● **WHAT IS REQUIRED**
The records below are to be returned exactly as written, minus their pictures.

● **ENTRIES SUPPLIED**
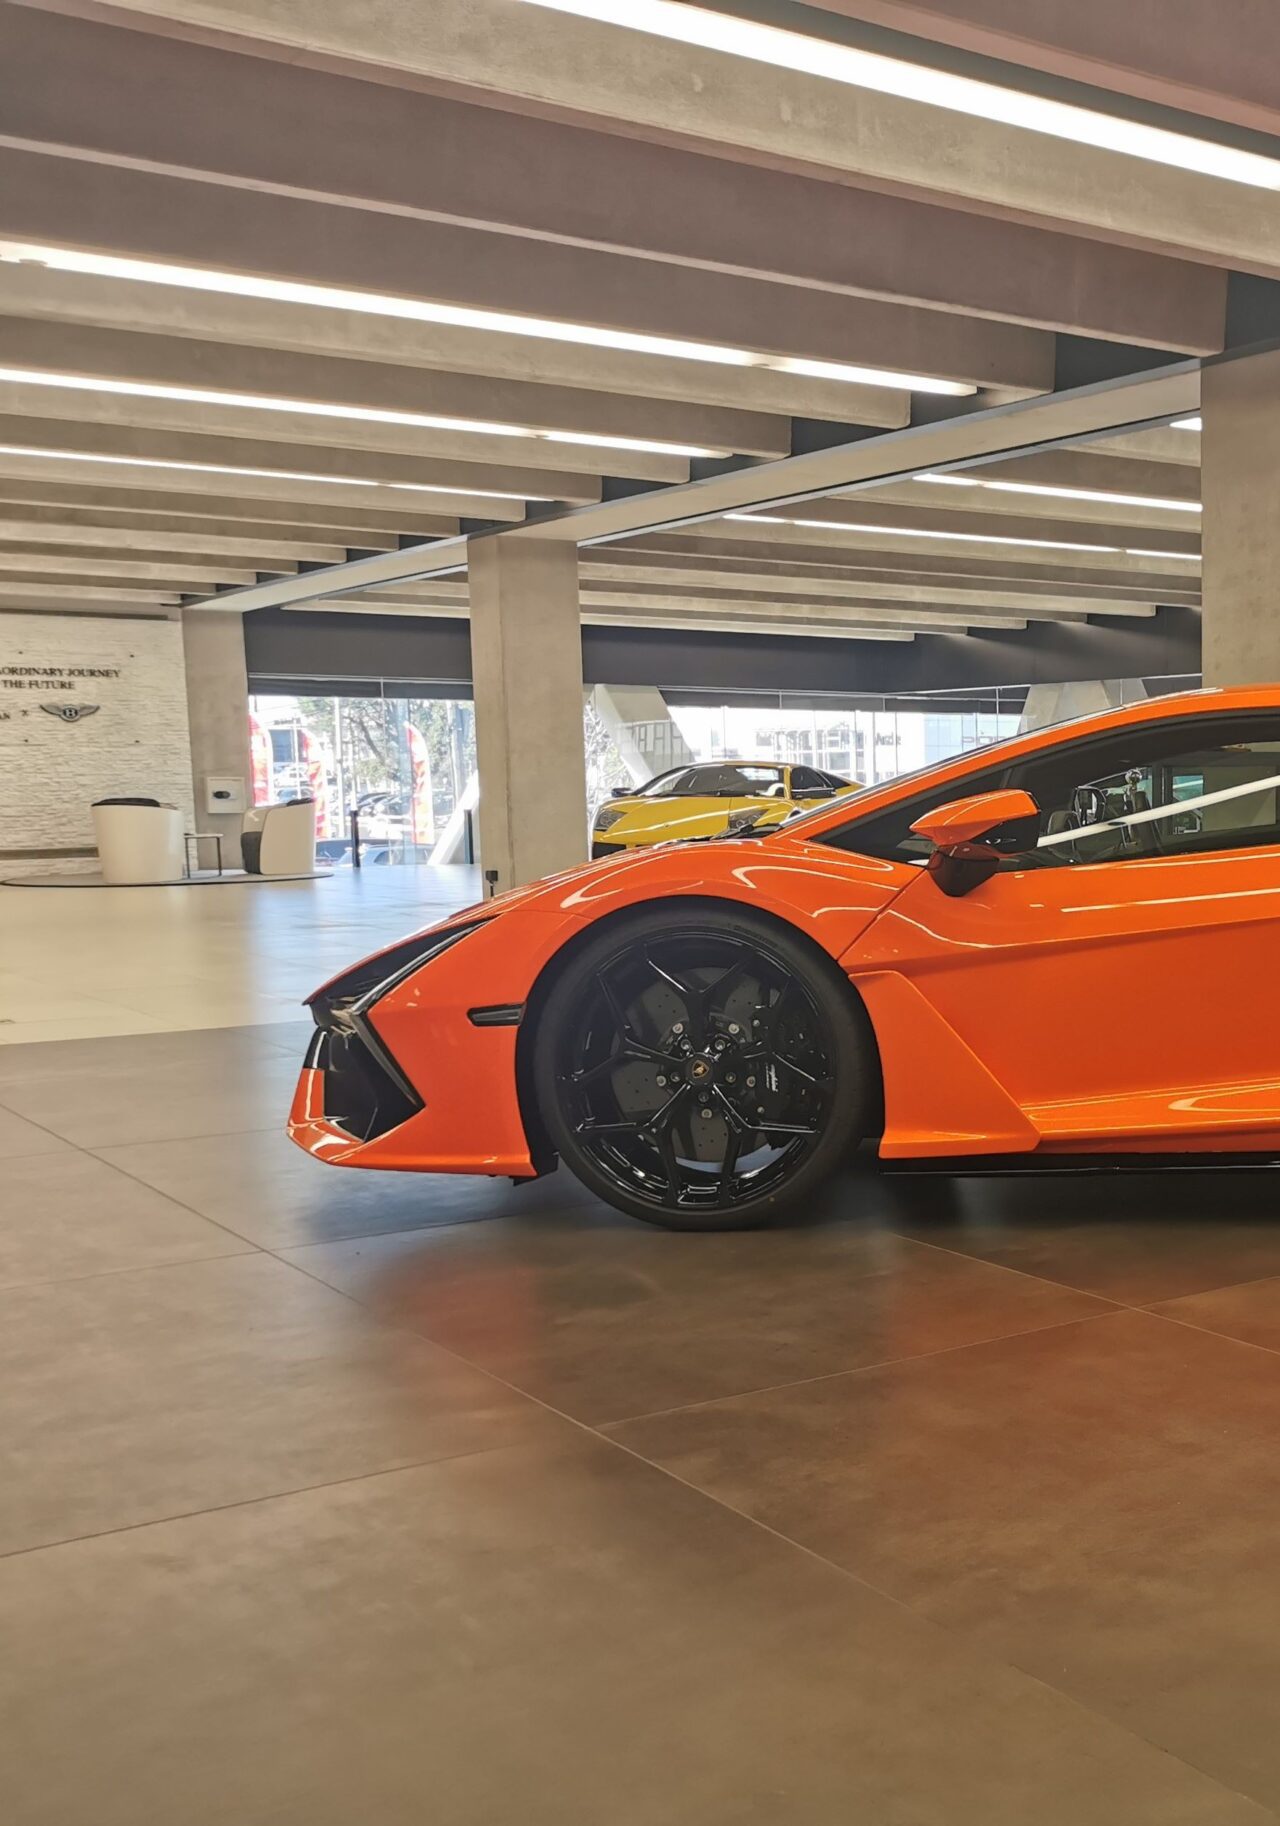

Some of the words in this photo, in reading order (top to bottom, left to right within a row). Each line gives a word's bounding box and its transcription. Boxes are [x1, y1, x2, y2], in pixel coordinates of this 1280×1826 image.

[0, 667, 63, 677] ORDINARY
[66, 668, 120, 678] JOURNEY
[3, 680, 26, 689] THE
[28, 680, 75, 689] FUTURE

● **SOLUTION FOR THIS EXERCISE**
Some of the words in this photo, in reading order (top to bottom, left to right within a row). Each line gives a word's bounding box and its transcription. Boxes are [x1, y1, x2, y2], in pixel coordinates of this 1280×1826 image.

[0, 667, 63, 677] ORDINARY
[66, 668, 120, 678] JOURNEY
[3, 680, 26, 689] THE
[28, 680, 75, 689] FUTURE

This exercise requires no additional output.